* WHAT YOU HAVE TO DO: The required output is a copy of each line in the material below that includes "슬라이드".

====

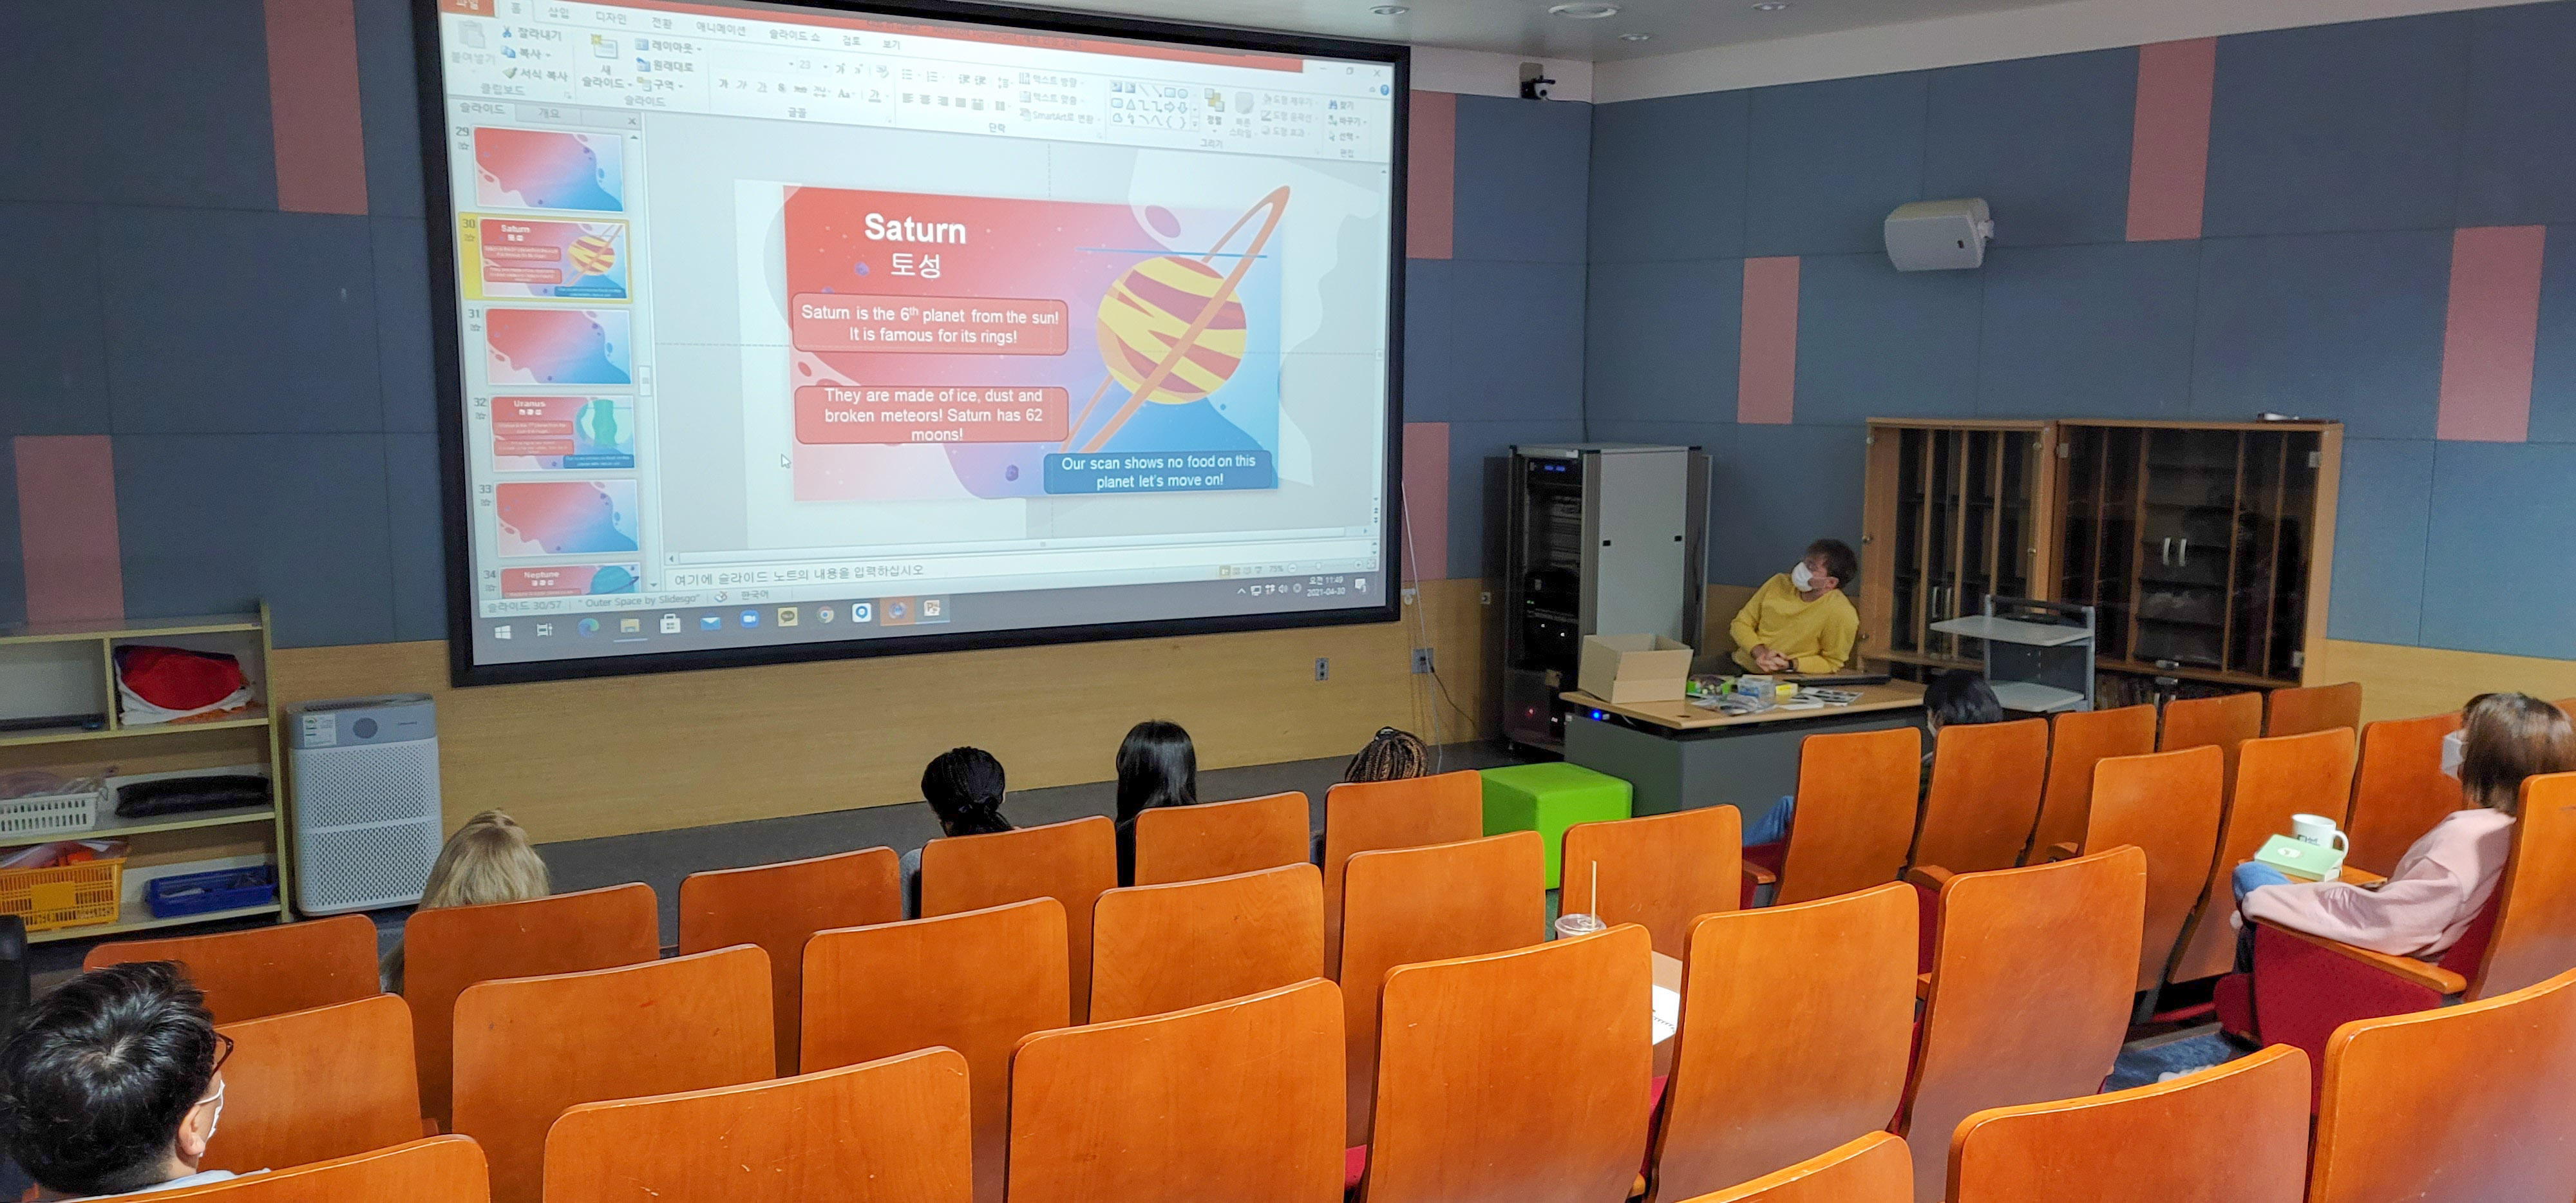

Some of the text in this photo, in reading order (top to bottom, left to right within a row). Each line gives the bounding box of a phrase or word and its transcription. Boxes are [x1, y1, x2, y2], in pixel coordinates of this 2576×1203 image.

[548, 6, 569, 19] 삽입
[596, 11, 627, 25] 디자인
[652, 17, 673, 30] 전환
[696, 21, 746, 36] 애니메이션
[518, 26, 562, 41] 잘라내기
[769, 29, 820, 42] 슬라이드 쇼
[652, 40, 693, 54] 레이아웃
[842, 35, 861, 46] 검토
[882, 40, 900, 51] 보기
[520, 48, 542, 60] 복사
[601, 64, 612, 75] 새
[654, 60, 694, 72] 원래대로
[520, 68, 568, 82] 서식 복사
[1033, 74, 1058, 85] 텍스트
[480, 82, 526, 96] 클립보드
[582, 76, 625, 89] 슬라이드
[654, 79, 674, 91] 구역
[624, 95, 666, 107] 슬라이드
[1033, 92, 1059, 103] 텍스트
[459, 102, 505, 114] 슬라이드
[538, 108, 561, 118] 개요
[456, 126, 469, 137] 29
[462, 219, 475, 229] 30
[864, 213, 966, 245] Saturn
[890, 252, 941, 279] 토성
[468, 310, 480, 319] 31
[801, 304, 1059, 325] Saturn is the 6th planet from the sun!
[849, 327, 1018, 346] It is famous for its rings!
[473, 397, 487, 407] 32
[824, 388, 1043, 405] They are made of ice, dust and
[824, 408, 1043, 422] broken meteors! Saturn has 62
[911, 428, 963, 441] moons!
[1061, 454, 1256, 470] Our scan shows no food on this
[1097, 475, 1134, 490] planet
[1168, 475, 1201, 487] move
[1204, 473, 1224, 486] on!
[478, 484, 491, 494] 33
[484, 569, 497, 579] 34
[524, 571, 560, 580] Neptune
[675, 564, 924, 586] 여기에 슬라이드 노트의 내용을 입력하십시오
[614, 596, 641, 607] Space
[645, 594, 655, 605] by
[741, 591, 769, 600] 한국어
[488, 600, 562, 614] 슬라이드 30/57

====

* ANSWER TO THIS TASK:
[769, 29, 820, 42] 슬라이드 쇼
[582, 76, 625, 89] 슬라이드
[624, 95, 666, 107] 슬라이드
[459, 102, 505, 114] 슬라이드
[675, 564, 924, 586] 여기에 슬라이드 노트의 내용을 입력하십시오
[488, 600, 562, 614] 슬라이드 30/57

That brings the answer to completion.